* _Brief_
Your reply should consist of the entries, copied exactly and stripped of images.

* _Input records_
■ ■ ■ ■

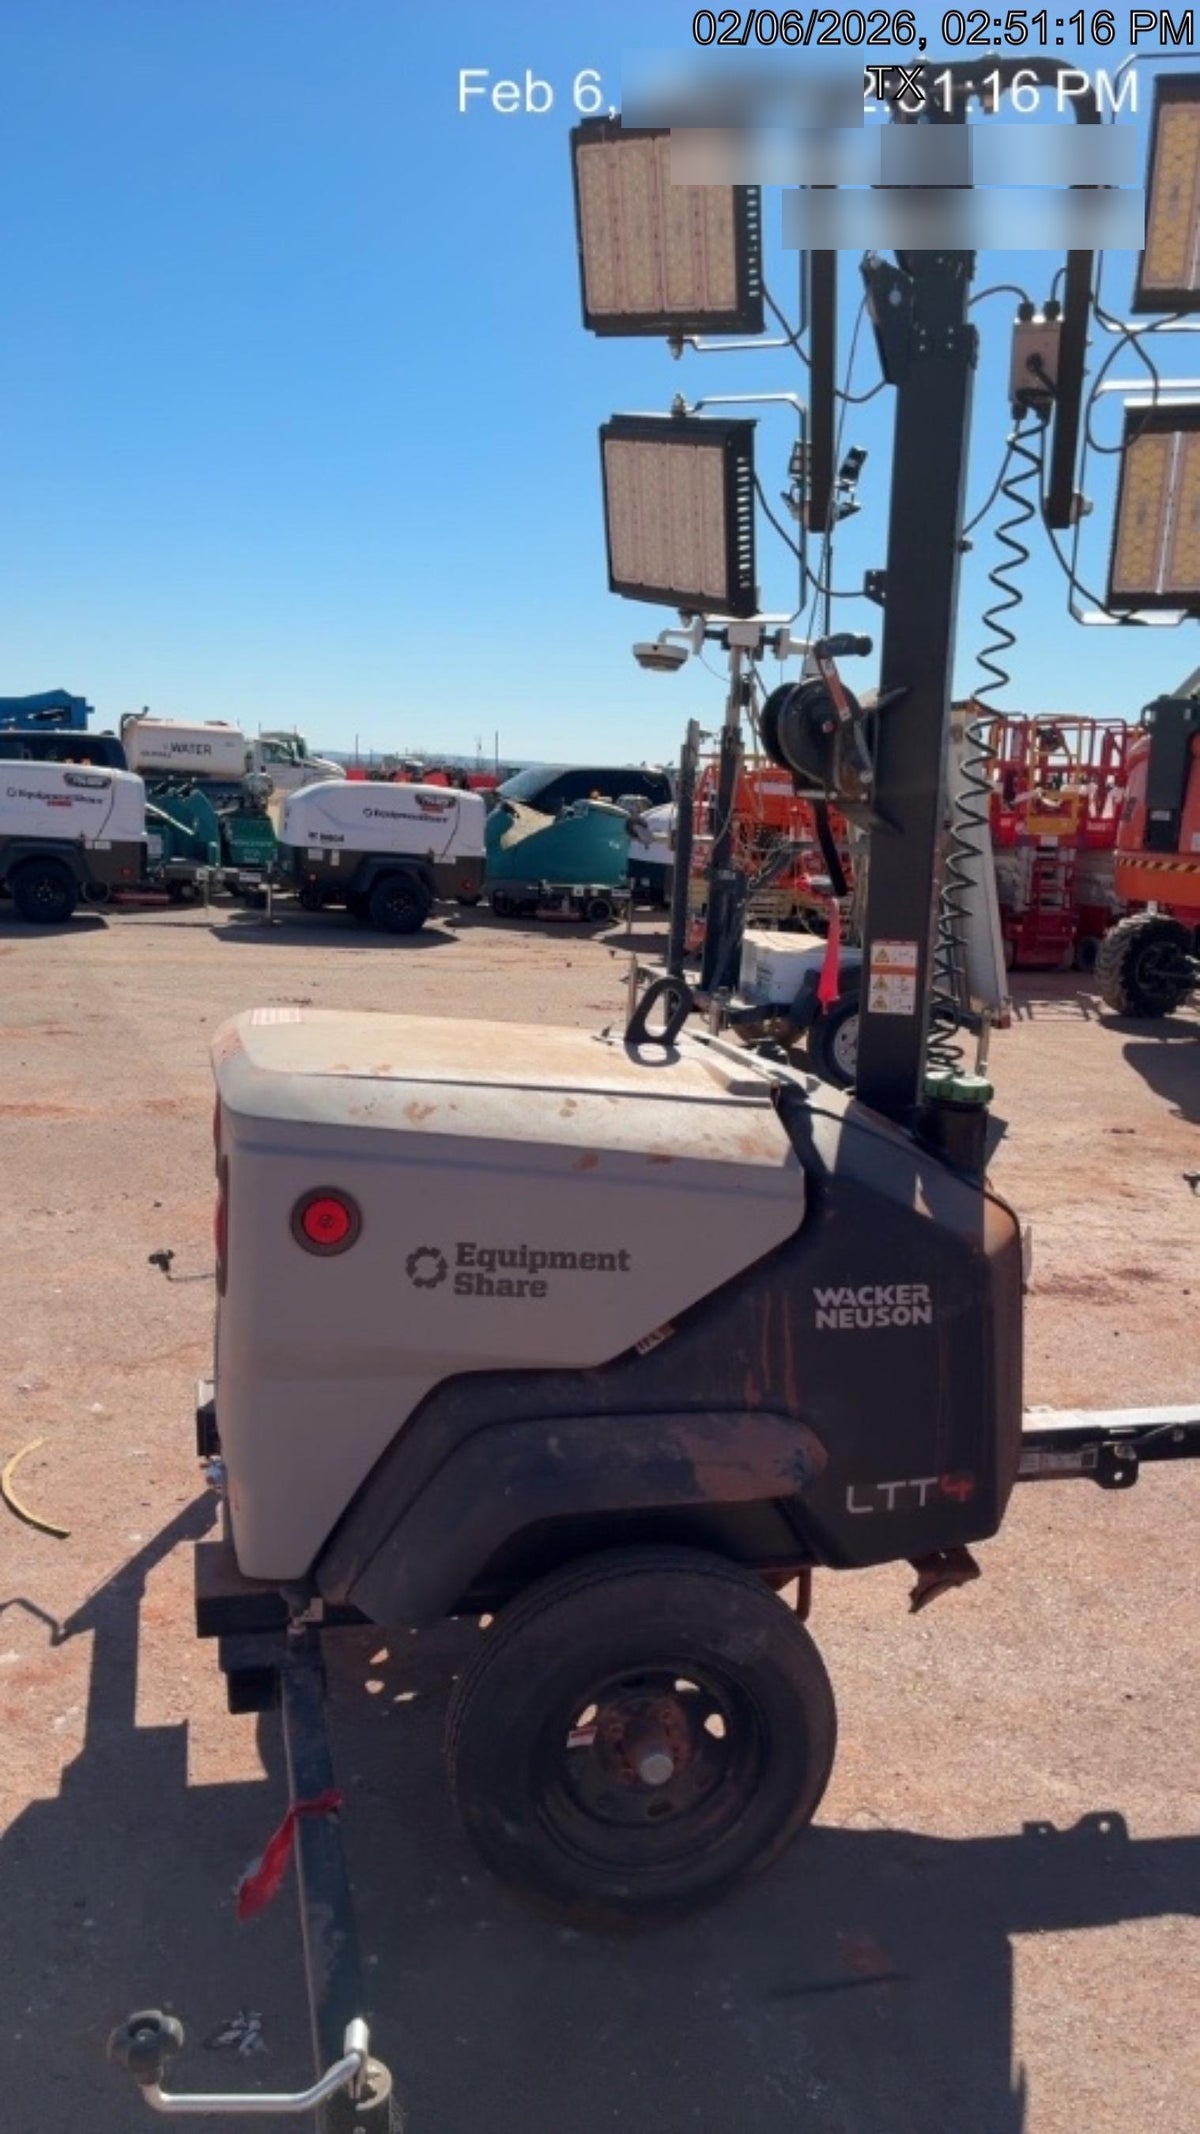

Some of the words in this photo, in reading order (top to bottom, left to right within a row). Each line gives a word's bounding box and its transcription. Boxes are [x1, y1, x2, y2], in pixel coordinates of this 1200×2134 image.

[171, 742, 212, 756] WATER
[455, 1242, 632, 1274] Equipment
[453, 1272, 548, 1298] Share
[813, 1283, 931, 1308] WACKER
[815, 1305, 933, 1329] NEUSON
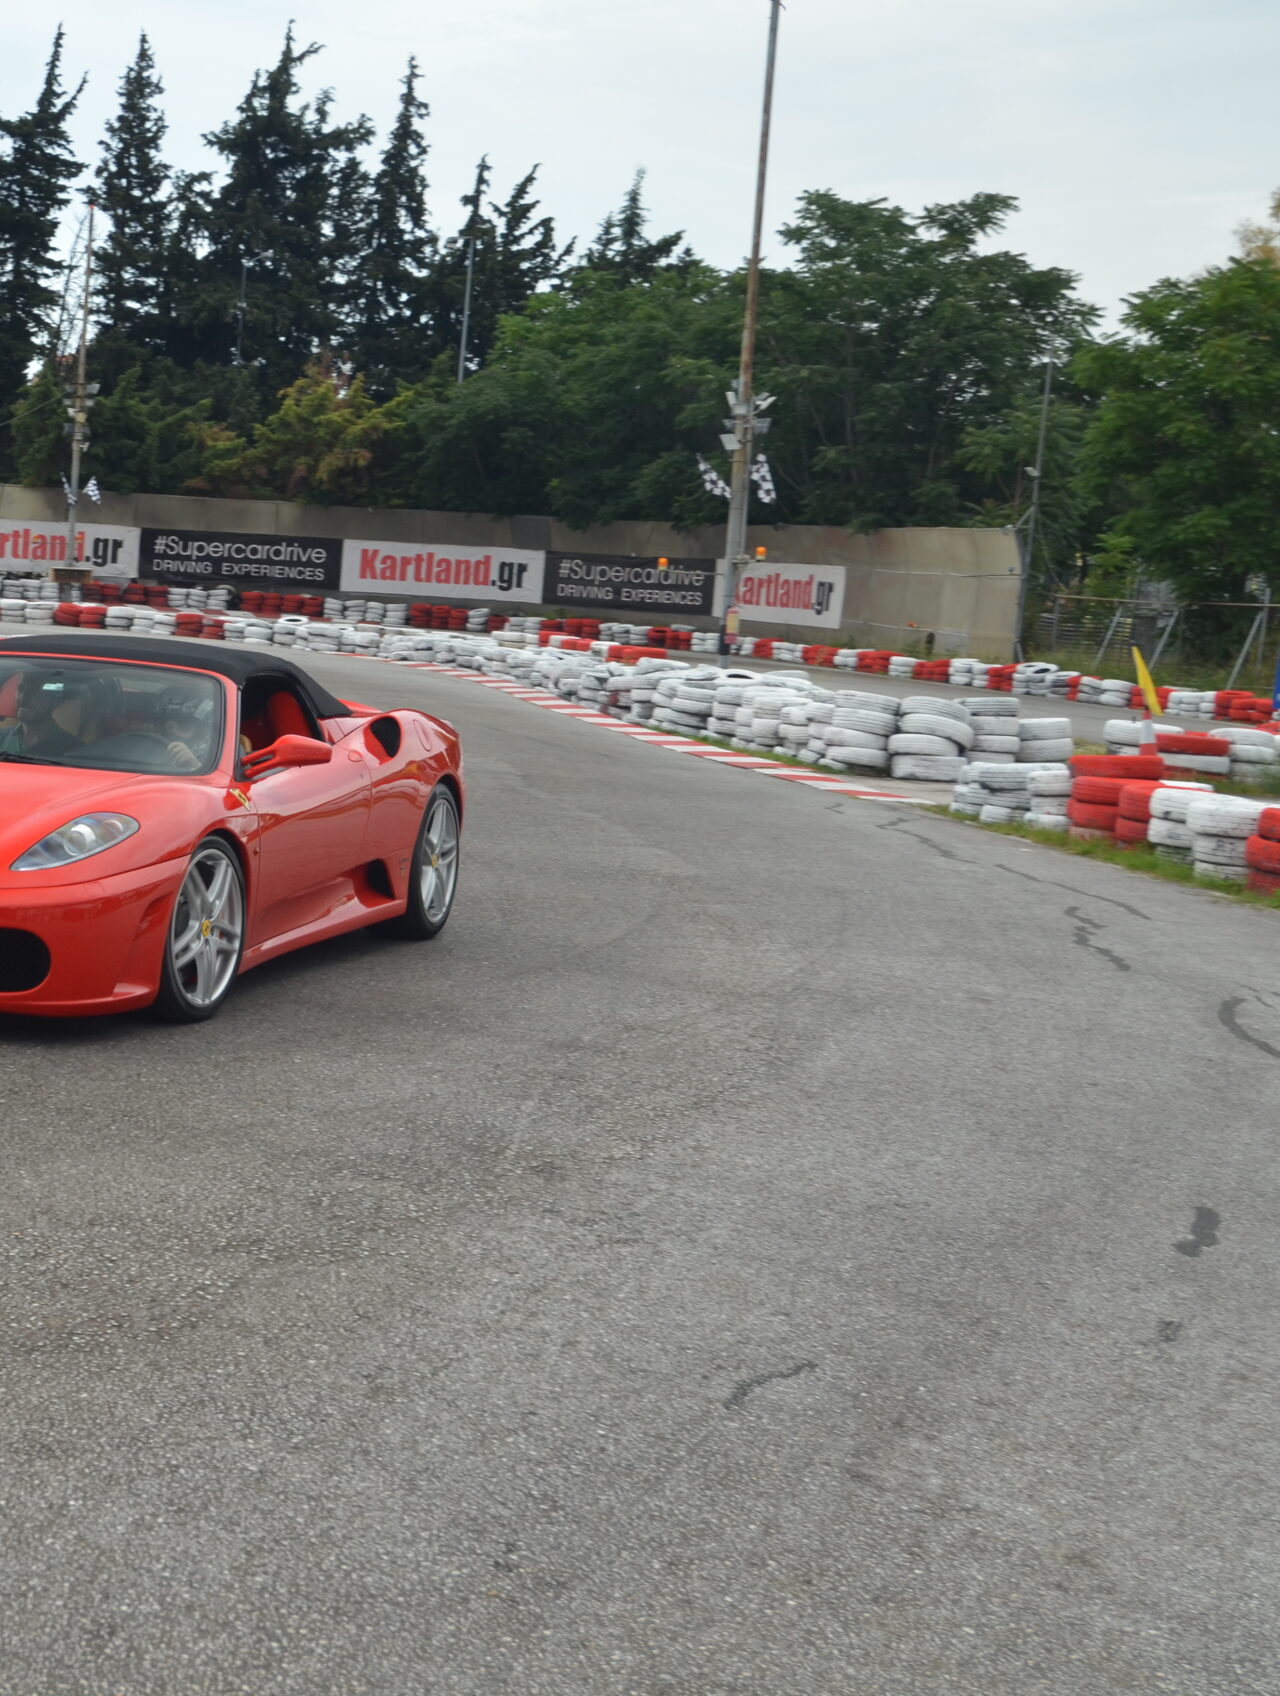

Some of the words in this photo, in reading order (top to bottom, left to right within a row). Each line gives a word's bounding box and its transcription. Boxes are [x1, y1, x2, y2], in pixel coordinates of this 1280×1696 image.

■ ■ ■ ■

* _Output below_
Some of the words in this photo, in reading order (top to bottom, left to right within a row). Each line gives a word's bounding box and its transcription. Boxes are [x1, y1, x2, y2], in pixel coordinates of this 1200×2134 image.

[171, 742, 212, 756] WATER
[455, 1242, 632, 1274] Equipment
[453, 1272, 548, 1298] Share
[813, 1283, 931, 1308] WACKER
[815, 1305, 933, 1329] NEUSON

Some of the words in this photo, in reading order (top to bottom, left to right within a row). Each line gives a word's bounding box and its transcription. Boxes are [x1, y1, x2, y2], in pixel coordinates of this 1280×1696 image.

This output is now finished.